I’ve never experienced silence like that. Not since they pulled his body from the fire.
Just when I thought we couldn’t possibly hurt anymore, the flag that represents freedom and reverence is carried through crossed ladders, and the casket caring my parent’s first born son, my hero and Jacey’s love, is loaded on the back of an apparatus and taken to the final resting ground.
Left holding a helmet, a badge, and triangle of material that showed his contribution and loyalty to a life that gave very little back, my mother cries, sobbing into my father’s chest. There’s a pain in this world that will never touch another.
Losing a child.
Slowly, a set of blue eyes find mine and tears spill over her cheeks.
I’m careful not to react in any way when Mila’s watching me. I don’t want her to see the fear in mine that someday this could be me and would she be the one left holding my helmet?
When they do the bell service, my chest shakes, but I don’t cry. Maybe I can’t anymore.
A bell service is the last alarm for a firefighter as they’re called home.
“We will now ring the bell for Firefighter Ryan,” Chief Davidson’s says, holding back his own emotions. “The bell recalls a time when the firefighter is called to service and then again to signal the alarm has ended.

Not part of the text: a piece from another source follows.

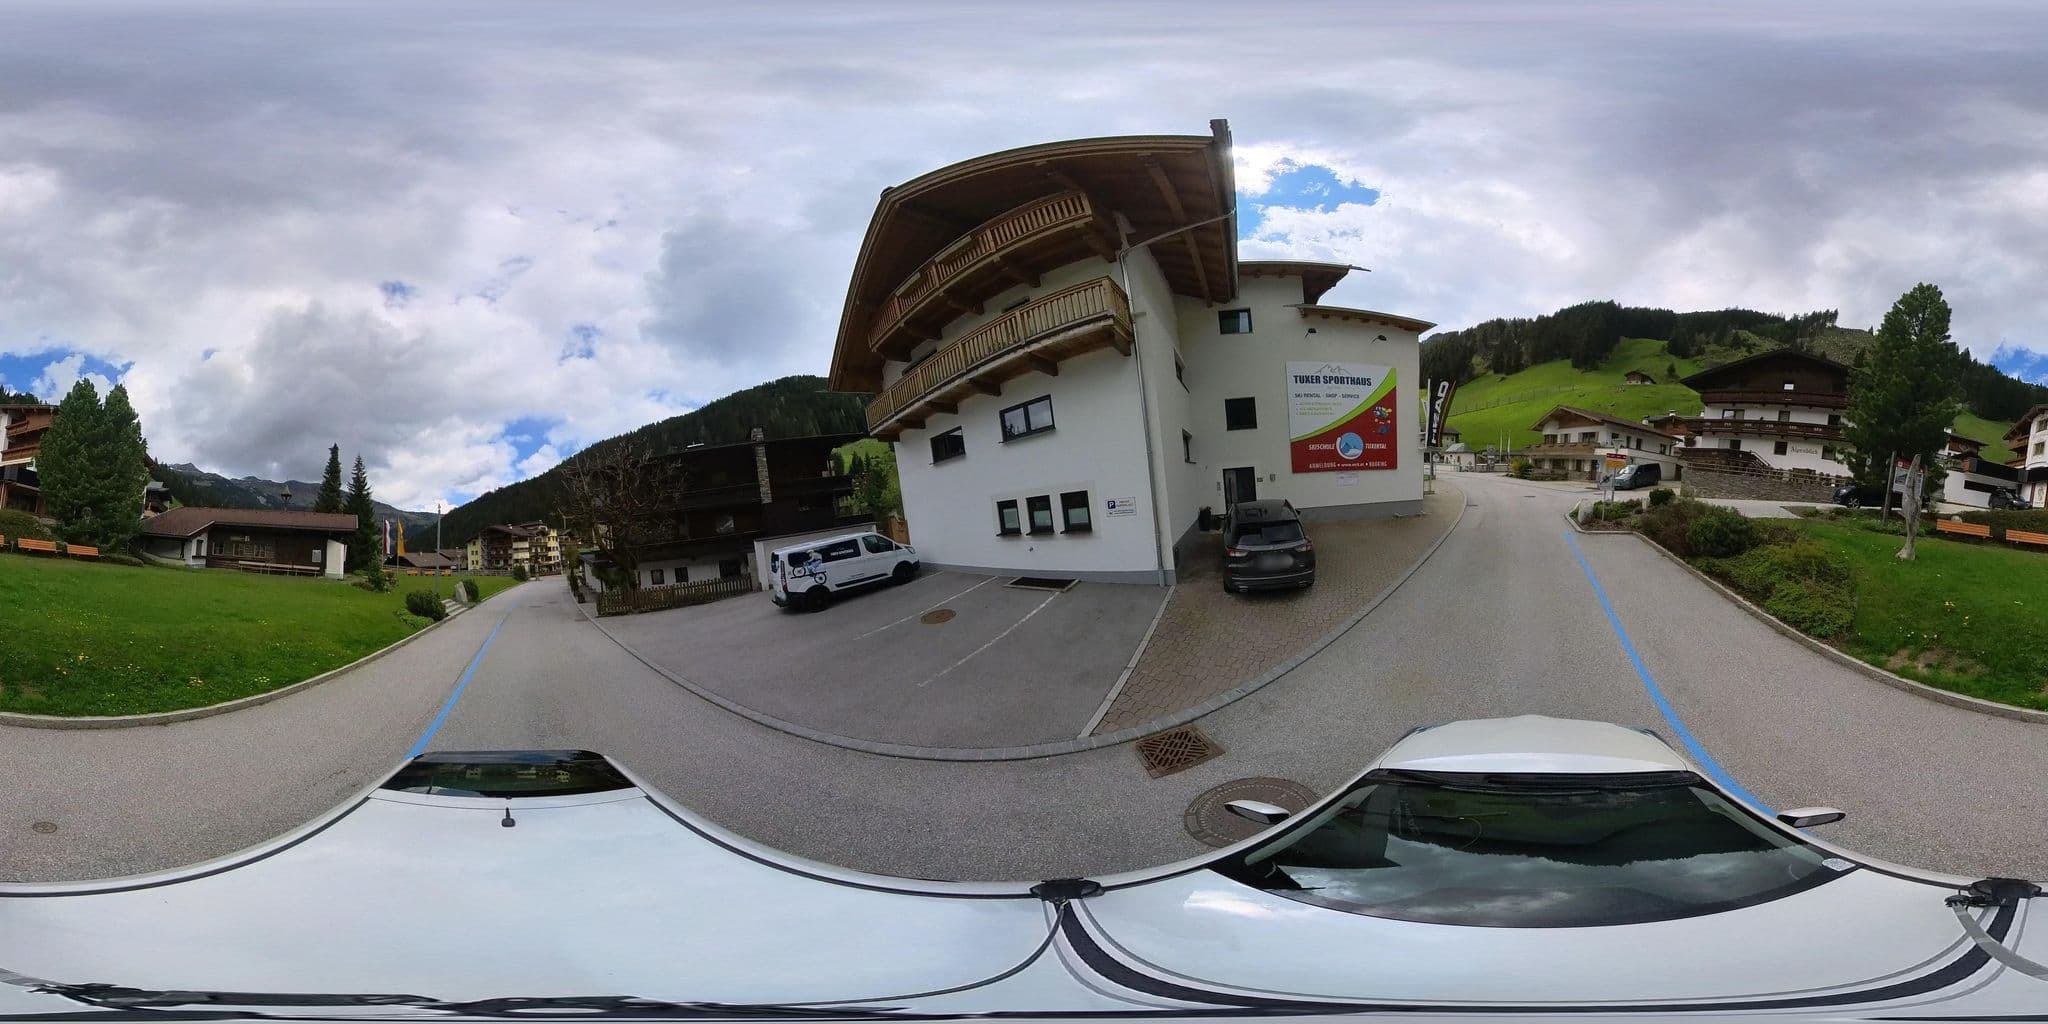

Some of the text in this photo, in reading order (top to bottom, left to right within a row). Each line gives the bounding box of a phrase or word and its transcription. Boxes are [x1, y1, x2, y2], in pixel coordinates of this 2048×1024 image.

For our comrade, Firefighter Evan Jacob Ryan, last alarm. He is coming home.”
They ring the bell, the sound piercing the rush of sobs that follow and then recite the firefighter’s prayer.

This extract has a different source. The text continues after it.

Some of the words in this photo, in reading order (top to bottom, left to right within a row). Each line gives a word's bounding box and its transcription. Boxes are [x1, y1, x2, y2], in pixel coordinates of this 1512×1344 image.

“When I am called to duty, God, wherever flames may rage, give me strength to save a life, whatever be its age. Help me embrace a little child before it is too late, or save an older person from the horror of that fate. Enable me to be alert, and hear the weakest shout, quickly and efficiently to put the fire out. I want to fill my calling, to give the best in me, to guard my friend and neighbor, and protect his property. And if according to your will I must answer death’s call, bless with your protecting hand, my family one and all.”